Poundland owner Pepco has recorded an increase in annual sales and profits as it made “good progress” in its strategic plans.
The company said it would invest further to maintain its competitive advantage.
Total like-for-like sales grew 10.2 per cent in the fourth quarter and 9.8 per cent in the year to September 30.
In the fourth quarter, Poundland was ahead one per cent and 3.1 per cent in the year.
Full-year underlying EBITDA is expected to come in between €640 million and €655 million, which the retailer said would be at the upper end of analysts’ expectations, generating growth of 45 per cent growth versus “the mid-point on the Covid-impacted prior year”.
“We delivered another strong trading performance and made good progress against our strategic plans during the year,” Pepco chief executive Andy Bond said.
“Despite the operational challenges from Covid disruption, we continued to open new stores across all three of our brands, opening 141 in the final quarter.
“We are encouraged by the initial performance of the western European Pepco stores across Italy, Austria and Spain.
“We are also pleased by the results of our store renewal programme in driving our like-for-like performance and enhancing the customer experience.
“As consumer demand and business activity returned following Covid impacts, pressure on global supply chains has increased with reduced raw material availability leading to commodity inflation, further compounded by constrained container capacity, which significantly increased shipping costs from the final quarter.
“Through a combination of actions taken in our operating model and our unique Far East direct sourcing operation, PGS, which has strong direct supplier and factory relationships, we have quickly taken operational action to mitigate these impacts.
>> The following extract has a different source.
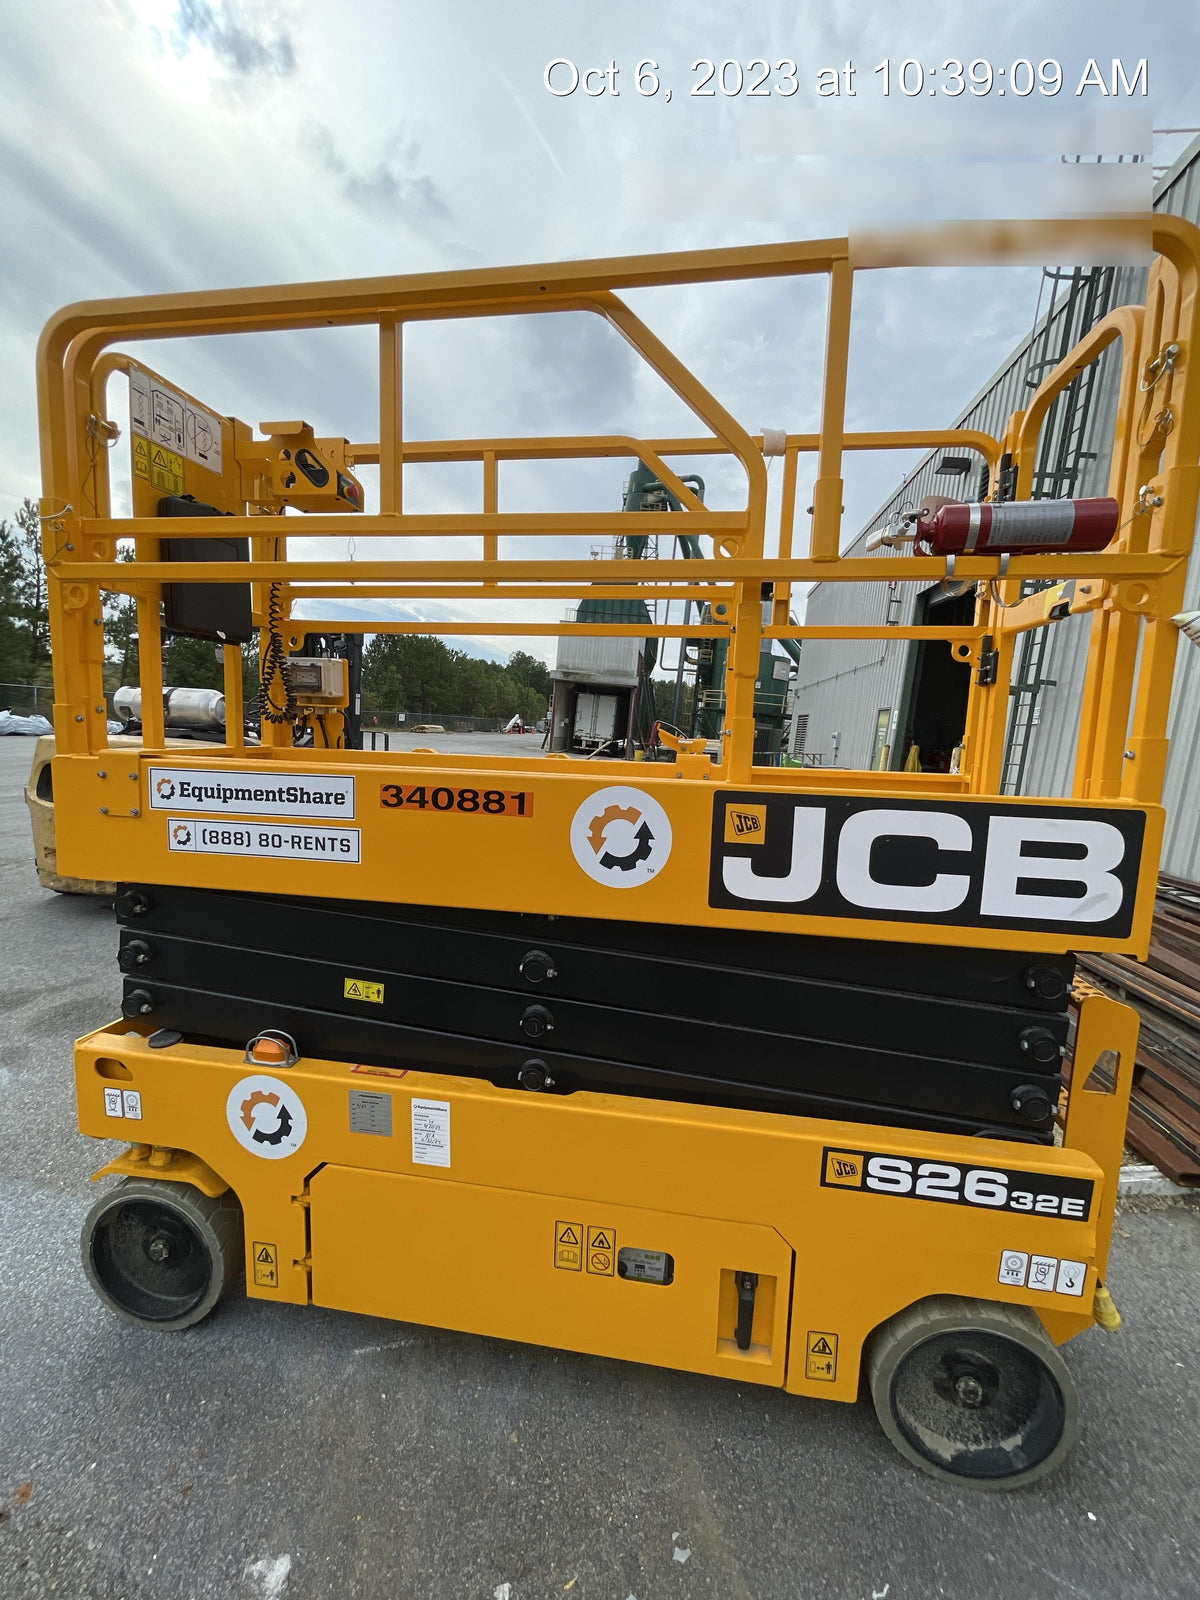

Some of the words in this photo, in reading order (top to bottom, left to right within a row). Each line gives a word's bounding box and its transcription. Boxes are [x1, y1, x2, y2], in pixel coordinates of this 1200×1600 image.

“In order to further drive our significant growth plans and recognising the financial strength of the group alongside the price-sensitive nature of our core customer, we intend to invest into our price proposition to maintain our price advantage.
“We have developed clear plans to reduce our operating cost base through leveraging our increased scale and capability to maintain the continued delivery of our profit growth.
“While the backdrop against which we operate will remain challenging for some time, we remain confident in the significant growth opportunity we have, our plans to achieve it and meeting future market expectations.”